◆ Directions for this task: Retype the range from the line holding "this 1536×1728 image." to the last line of the listing, inclusive, exactly as it appears and with nothing else.

[Start of Attachment]

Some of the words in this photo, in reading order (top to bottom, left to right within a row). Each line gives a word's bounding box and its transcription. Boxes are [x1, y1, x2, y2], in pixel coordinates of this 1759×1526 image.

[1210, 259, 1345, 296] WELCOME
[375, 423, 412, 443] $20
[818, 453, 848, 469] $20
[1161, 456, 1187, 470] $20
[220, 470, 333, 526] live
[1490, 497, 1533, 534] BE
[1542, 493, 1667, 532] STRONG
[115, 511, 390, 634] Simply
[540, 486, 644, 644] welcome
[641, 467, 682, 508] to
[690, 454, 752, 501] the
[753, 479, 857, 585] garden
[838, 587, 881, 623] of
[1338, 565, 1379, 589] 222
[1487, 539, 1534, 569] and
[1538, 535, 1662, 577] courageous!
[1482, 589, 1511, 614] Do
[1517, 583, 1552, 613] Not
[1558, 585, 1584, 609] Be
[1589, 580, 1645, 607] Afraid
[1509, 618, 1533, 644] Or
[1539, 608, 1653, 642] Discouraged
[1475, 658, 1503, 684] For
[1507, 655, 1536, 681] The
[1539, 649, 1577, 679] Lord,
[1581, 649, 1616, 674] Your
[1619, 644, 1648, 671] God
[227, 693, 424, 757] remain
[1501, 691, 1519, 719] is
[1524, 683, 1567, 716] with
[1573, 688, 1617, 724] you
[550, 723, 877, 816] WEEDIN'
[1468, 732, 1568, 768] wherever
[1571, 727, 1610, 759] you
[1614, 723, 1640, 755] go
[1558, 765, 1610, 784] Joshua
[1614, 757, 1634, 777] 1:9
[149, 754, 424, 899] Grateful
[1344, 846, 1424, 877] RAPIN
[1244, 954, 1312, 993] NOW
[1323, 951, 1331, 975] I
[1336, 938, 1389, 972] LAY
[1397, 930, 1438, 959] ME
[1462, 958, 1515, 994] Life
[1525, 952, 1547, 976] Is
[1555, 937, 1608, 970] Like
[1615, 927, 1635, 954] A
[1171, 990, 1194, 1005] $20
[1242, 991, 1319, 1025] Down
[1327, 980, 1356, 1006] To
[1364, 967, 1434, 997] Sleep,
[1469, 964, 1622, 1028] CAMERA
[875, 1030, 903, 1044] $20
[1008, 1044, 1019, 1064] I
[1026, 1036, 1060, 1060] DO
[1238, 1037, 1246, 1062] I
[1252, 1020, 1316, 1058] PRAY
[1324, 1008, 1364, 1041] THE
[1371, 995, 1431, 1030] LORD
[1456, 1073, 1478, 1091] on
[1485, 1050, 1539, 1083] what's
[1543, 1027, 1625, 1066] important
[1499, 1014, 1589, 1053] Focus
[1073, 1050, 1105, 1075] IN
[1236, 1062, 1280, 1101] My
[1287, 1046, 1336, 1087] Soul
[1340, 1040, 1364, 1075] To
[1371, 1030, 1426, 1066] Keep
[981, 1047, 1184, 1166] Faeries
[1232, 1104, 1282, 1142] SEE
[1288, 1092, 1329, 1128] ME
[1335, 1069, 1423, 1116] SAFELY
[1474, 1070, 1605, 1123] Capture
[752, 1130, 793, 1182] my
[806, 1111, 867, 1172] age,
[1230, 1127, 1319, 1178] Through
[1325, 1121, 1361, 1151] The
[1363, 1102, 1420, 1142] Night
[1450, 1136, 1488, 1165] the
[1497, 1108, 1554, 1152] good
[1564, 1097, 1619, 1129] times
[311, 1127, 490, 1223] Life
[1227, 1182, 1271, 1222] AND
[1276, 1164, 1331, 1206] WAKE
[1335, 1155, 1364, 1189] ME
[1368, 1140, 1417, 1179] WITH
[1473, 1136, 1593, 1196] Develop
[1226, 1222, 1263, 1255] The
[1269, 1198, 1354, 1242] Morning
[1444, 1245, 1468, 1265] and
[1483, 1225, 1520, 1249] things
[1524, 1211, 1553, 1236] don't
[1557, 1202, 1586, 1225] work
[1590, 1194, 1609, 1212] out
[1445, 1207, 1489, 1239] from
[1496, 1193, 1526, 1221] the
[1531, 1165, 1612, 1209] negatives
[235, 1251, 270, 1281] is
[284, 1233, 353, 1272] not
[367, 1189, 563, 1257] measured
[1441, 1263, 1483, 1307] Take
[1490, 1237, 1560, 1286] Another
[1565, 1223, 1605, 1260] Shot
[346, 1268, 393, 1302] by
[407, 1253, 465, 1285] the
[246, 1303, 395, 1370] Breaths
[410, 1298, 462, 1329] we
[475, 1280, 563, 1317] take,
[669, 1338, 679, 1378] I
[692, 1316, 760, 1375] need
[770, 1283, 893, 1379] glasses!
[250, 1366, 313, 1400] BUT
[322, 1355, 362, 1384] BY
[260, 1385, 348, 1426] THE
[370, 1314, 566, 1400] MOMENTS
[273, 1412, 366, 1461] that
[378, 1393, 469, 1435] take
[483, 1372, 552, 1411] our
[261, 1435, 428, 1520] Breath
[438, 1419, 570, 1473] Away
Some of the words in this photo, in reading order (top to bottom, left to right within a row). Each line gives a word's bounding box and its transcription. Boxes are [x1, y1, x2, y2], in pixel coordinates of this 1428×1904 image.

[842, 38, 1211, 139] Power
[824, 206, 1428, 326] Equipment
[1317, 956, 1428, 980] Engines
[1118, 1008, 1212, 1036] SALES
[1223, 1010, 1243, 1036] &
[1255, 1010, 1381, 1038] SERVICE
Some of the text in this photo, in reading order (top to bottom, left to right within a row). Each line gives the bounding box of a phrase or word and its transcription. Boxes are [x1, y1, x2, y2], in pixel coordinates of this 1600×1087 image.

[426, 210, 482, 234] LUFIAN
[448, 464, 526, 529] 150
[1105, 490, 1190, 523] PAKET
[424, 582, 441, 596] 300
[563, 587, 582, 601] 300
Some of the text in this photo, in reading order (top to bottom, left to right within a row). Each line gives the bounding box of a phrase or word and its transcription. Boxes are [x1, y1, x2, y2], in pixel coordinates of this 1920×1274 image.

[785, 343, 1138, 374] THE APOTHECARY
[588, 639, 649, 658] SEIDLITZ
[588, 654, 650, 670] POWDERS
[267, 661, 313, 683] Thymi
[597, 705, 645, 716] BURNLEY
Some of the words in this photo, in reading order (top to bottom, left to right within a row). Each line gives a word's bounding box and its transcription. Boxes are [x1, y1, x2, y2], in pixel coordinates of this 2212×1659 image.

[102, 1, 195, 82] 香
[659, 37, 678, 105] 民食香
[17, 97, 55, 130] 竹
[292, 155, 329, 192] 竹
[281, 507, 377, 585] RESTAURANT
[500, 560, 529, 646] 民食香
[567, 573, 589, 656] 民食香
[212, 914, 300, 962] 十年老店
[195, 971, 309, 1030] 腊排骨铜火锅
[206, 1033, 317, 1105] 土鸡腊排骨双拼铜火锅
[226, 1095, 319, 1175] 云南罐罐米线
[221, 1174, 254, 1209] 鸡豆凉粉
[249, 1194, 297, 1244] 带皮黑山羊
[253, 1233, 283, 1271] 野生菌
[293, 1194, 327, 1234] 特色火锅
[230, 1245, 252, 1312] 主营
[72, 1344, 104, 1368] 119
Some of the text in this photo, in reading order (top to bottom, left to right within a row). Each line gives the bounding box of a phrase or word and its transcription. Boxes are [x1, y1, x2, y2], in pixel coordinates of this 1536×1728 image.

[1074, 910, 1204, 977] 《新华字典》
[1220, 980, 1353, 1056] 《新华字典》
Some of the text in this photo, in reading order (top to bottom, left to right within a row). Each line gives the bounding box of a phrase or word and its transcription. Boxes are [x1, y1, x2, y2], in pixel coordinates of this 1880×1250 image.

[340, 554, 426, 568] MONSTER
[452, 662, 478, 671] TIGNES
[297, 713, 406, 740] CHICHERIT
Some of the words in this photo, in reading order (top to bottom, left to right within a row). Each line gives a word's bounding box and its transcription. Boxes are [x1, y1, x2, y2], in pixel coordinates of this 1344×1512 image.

[End of Attachment]

◆ Result below:
Some of the text in this photo, in reading order (top to bottom, left to right within a row). Each line gives the bounding box of a phrase or word and its transcription. Boxes are [x1, y1, x2, y2], in pixel coordinates of this 1536×1728 image.

[1074, 910, 1204, 977] 《新华字典》
[1220, 980, 1353, 1056] 《新华字典》
Some of the text in this photo, in reading order (top to bottom, left to right within a row). Each line gives the bounding box of a phrase or word and its transcription. Boxes are [x1, y1, x2, y2], in pixel coordinates of this 1880×1250 image.

[340, 554, 426, 568] MONSTER
[452, 662, 478, 671] TIGNES
[297, 713, 406, 740] CHICHERIT
Some of the words in this photo, in reading order (top to bottom, left to right within a row). Each line gives a word's bounding box and its transcription. Boxes are [x1, y1, x2, y2], in pixel coordinates of this 1344×1512 image.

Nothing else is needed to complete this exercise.